Vu les autres pièces du dossier.
Vu :
- le code civil ;
- le code de justice administrative.
Considérant ce qui suit :
1. Aux termes de l'article R. 222-1 du code de justice administrative : " Les présidents de tribunal administratif et () les présidents de formation de jugement des tribunaux () désignés à cet effet par le président de leur juridiction peuvent, par ordonnance : () 7° Rejeter, après l'expiration du délai de recours ou, lorsqu'un mémoire complémentaire a été annoncé, après la production de ce mémoire, les requêtes ne comportant que des moyens de légalité externe manifestement infondés, des moyens irrecevables, des moyens inopérants ou des moyens qui ne sont assortis que de faits manifestement insusceptibles de venir à leur soutien ou ne sont manifestement pas assortis des précisions permettant d'en apprécier le bien-fondé.".

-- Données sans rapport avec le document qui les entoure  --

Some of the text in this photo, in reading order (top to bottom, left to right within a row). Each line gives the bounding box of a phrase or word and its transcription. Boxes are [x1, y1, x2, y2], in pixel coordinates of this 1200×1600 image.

2. Aux termes de l'article 1302 du code civil : " Tout paiement suppose une dette ; ce qui a été reçu sans être dû est sujet à restitution () " Aux termes de l'article 1302-1 du même code : " Celui qui reçoit par erreur ou sciemment ce qui ne lui est pas dû doit le restituer à celui de qui il l'a indûment reçu ".

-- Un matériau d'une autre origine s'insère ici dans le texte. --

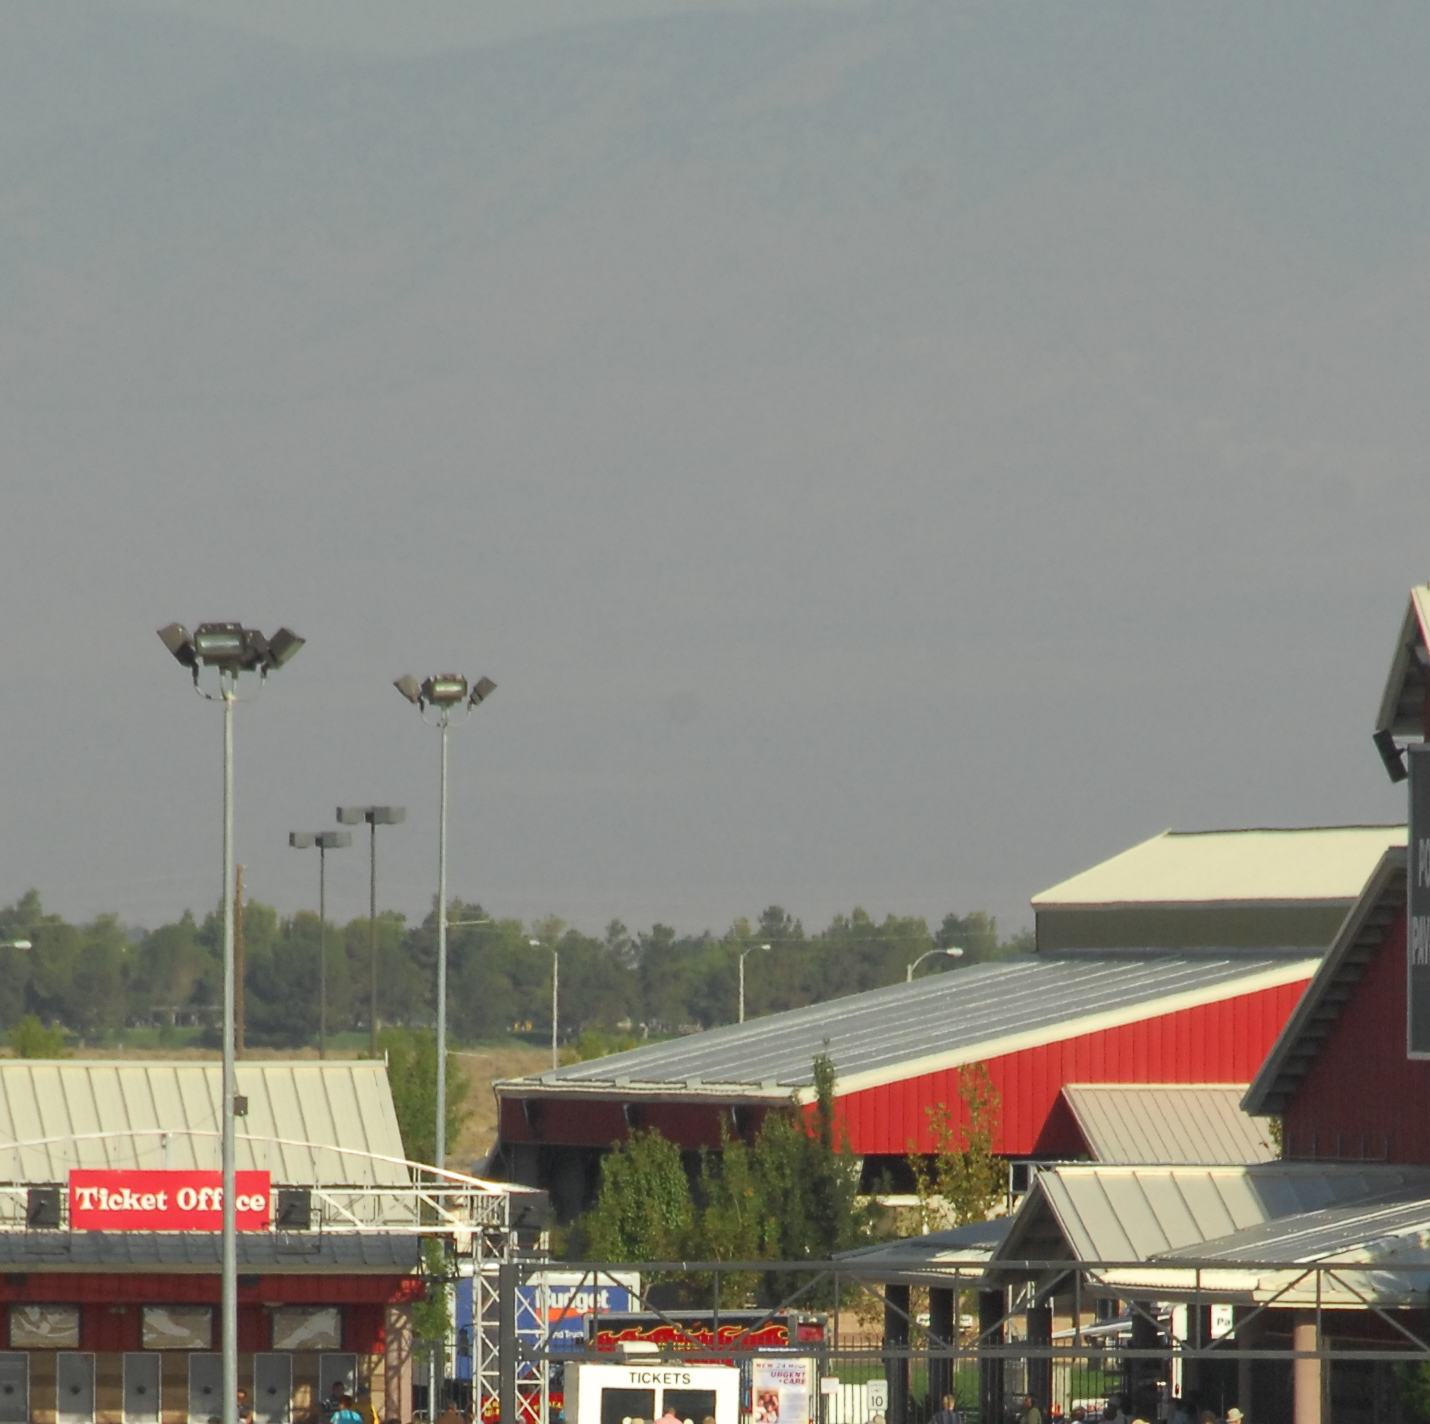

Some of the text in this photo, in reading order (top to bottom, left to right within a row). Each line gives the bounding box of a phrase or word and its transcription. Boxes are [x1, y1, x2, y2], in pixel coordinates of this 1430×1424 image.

[75, 1186, 266, 1212] Ticket Offce
[536, 1286, 609, 1314] Budget
[629, 1371, 691, 1385] TICKETS
[871, 1395, 884, 1407] 10

3. Pour demander au tribunal de lui accorder une remise totale de l'indu mis à sa charge, M. A avance au soutien de sa requête que la somme qui lui est réclamée est imputable à une faute de la caisse d'allocations familiales. Toutefois, la circonstance qu'un créancier a commis une erreur ne fait pas obstacle, en application des principes dont s'inspirent notamment les articles 1302 et 1302-1 précités du code civil, à constituer débiteur celui qui a reçu le paiement indu. Un tel moyen est inopérant pour contester la décision n'accordant qu'une remise partielle d'un indu de prestation. Dès lors, la requête doit être rejetée sur le fondement du 7° de l'article R. 222-1 du code de justice administrative cité au point 1.
ORDONNE :
Article 1er : La requête de M. A est rejetée.

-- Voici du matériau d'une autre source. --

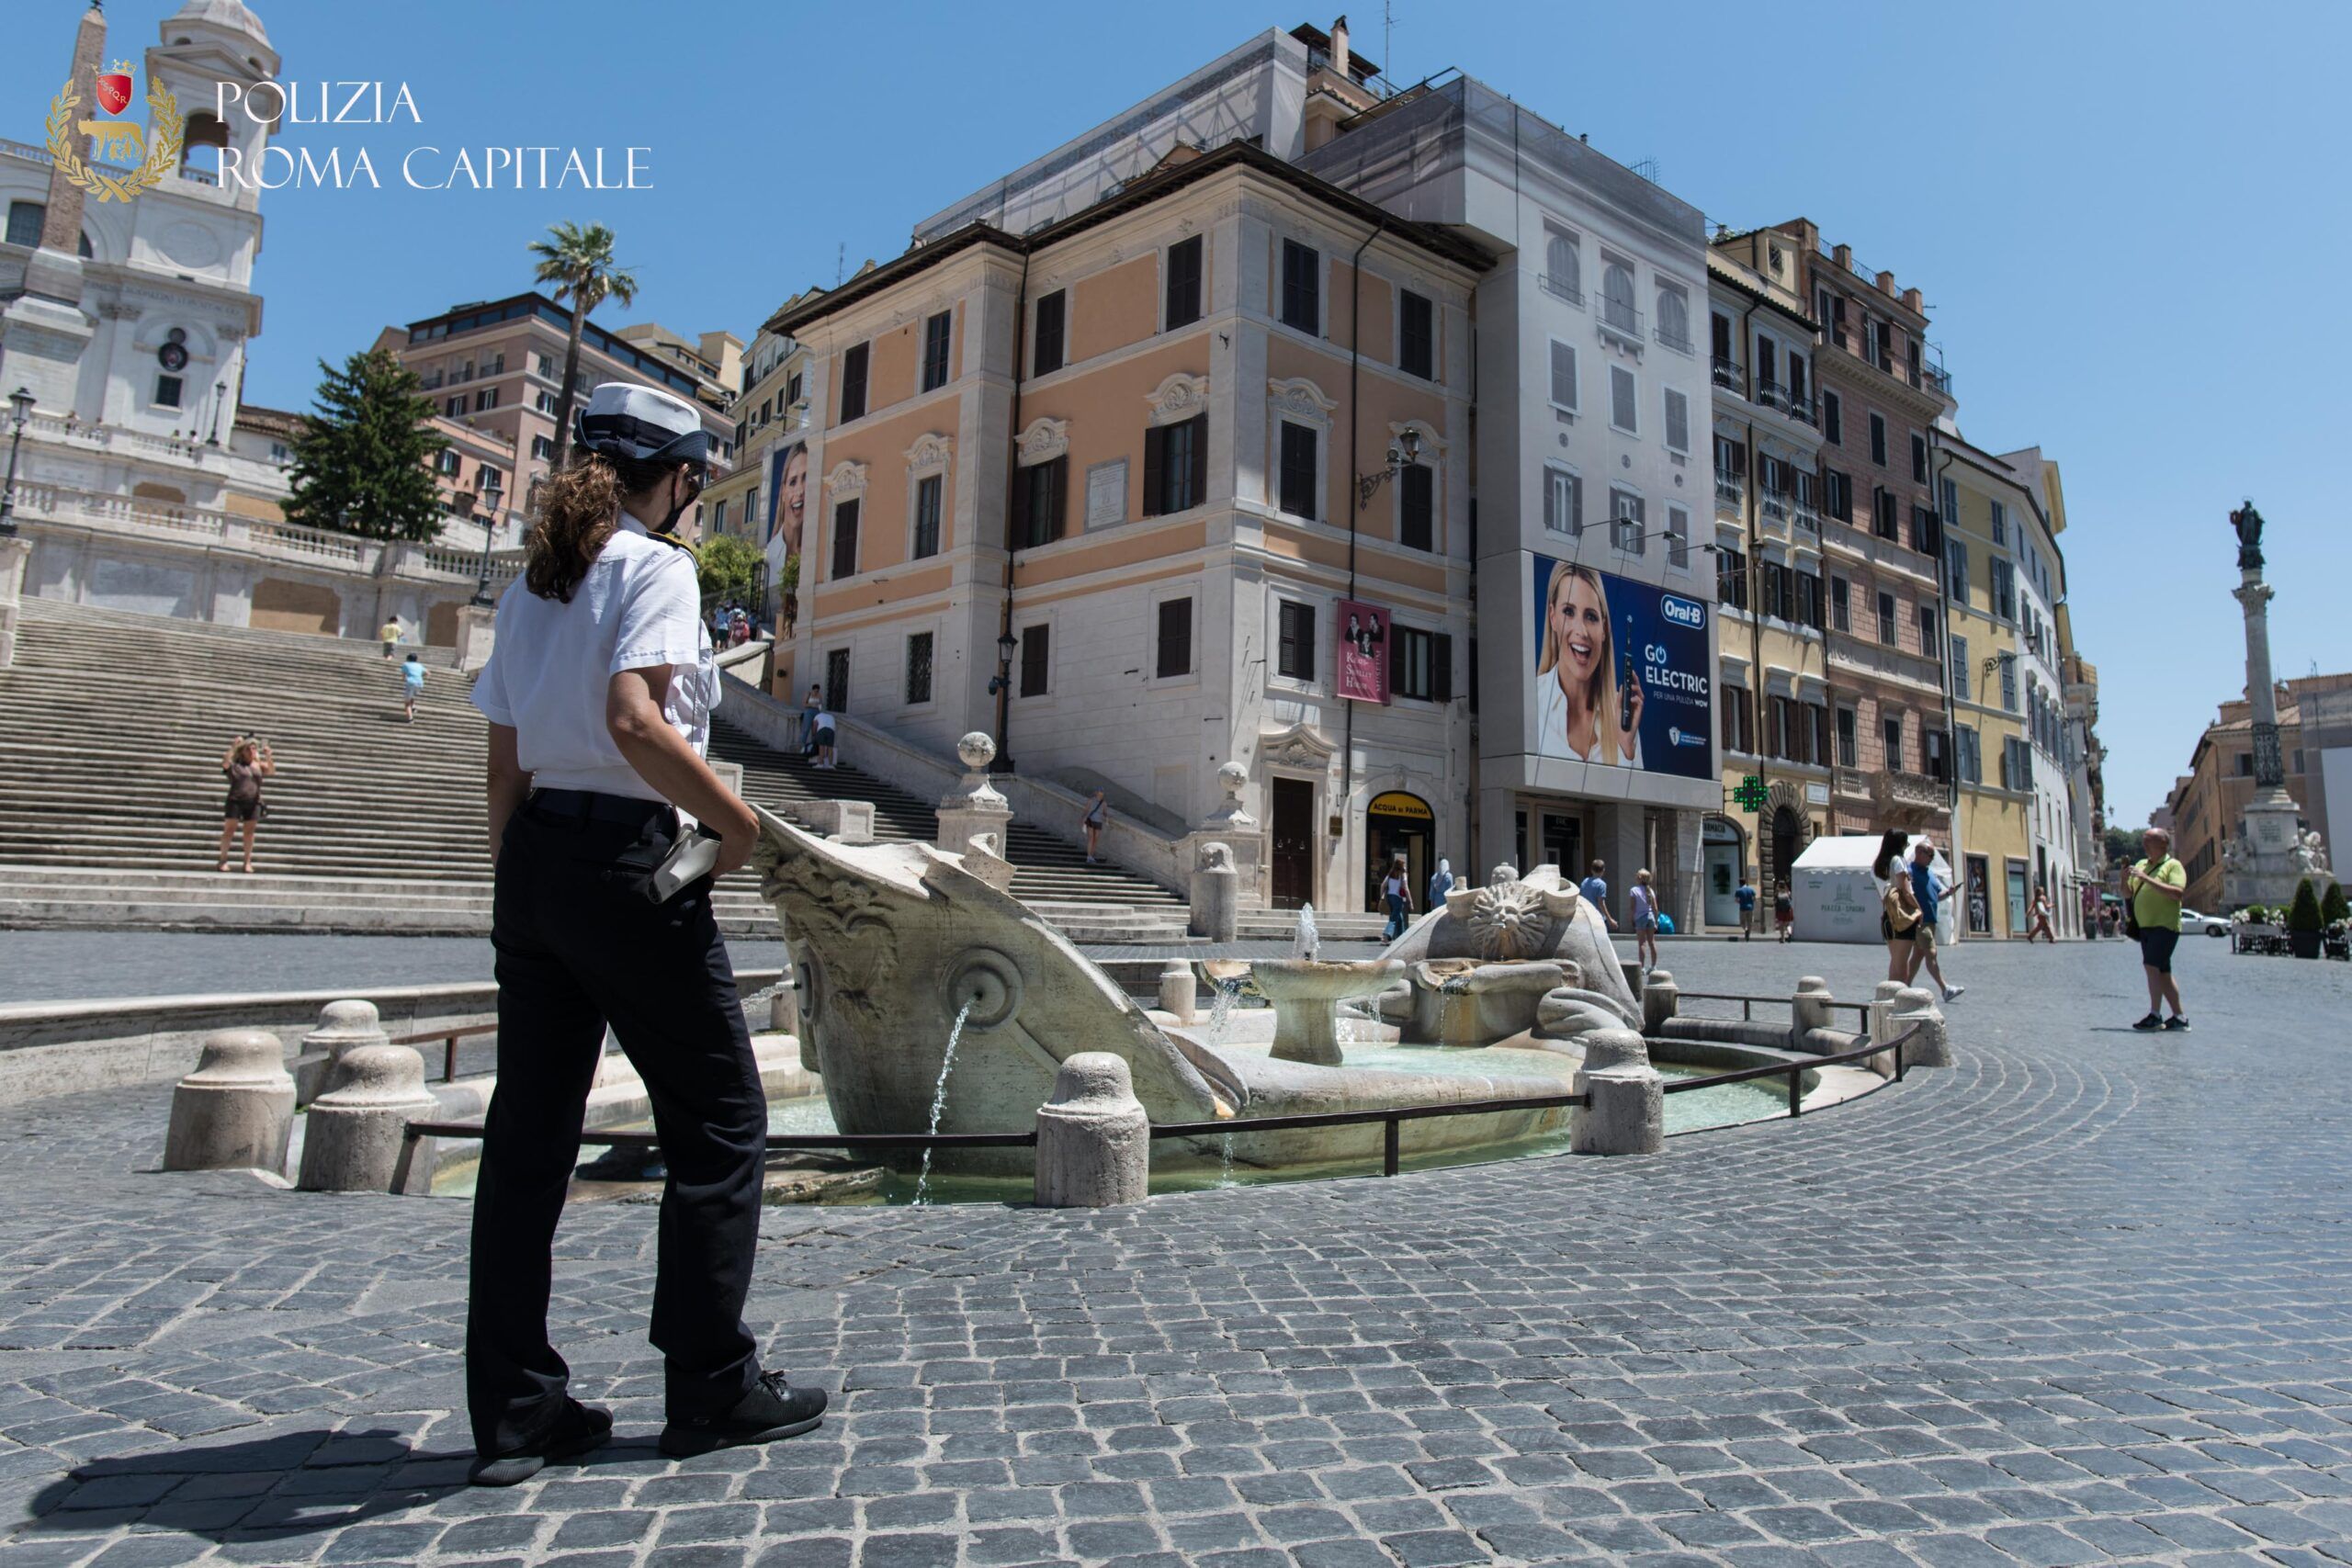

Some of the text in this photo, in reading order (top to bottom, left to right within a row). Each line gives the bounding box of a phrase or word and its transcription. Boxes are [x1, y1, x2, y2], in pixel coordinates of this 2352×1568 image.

Article 2 : La présente ordonnance sera notifiée à M. B A.
Copie en sera adressée, pour information, à la caisse d'allocations familiales de la Seine-Maritime.
Fait à Rouen, le 18 octobre 2022.
La présidente de la 4ème chambre,
C. BOYER
La République mande et ordonne au ministre des solidarités, de l'autonomie et des personnes handicapées en ce qui le concerne, ou à tous commissaires de justice à ce requis en ce qui concerne les voies de droit commun contre les parties privées, de pourvoir à l'exécution de la présente ordonnance.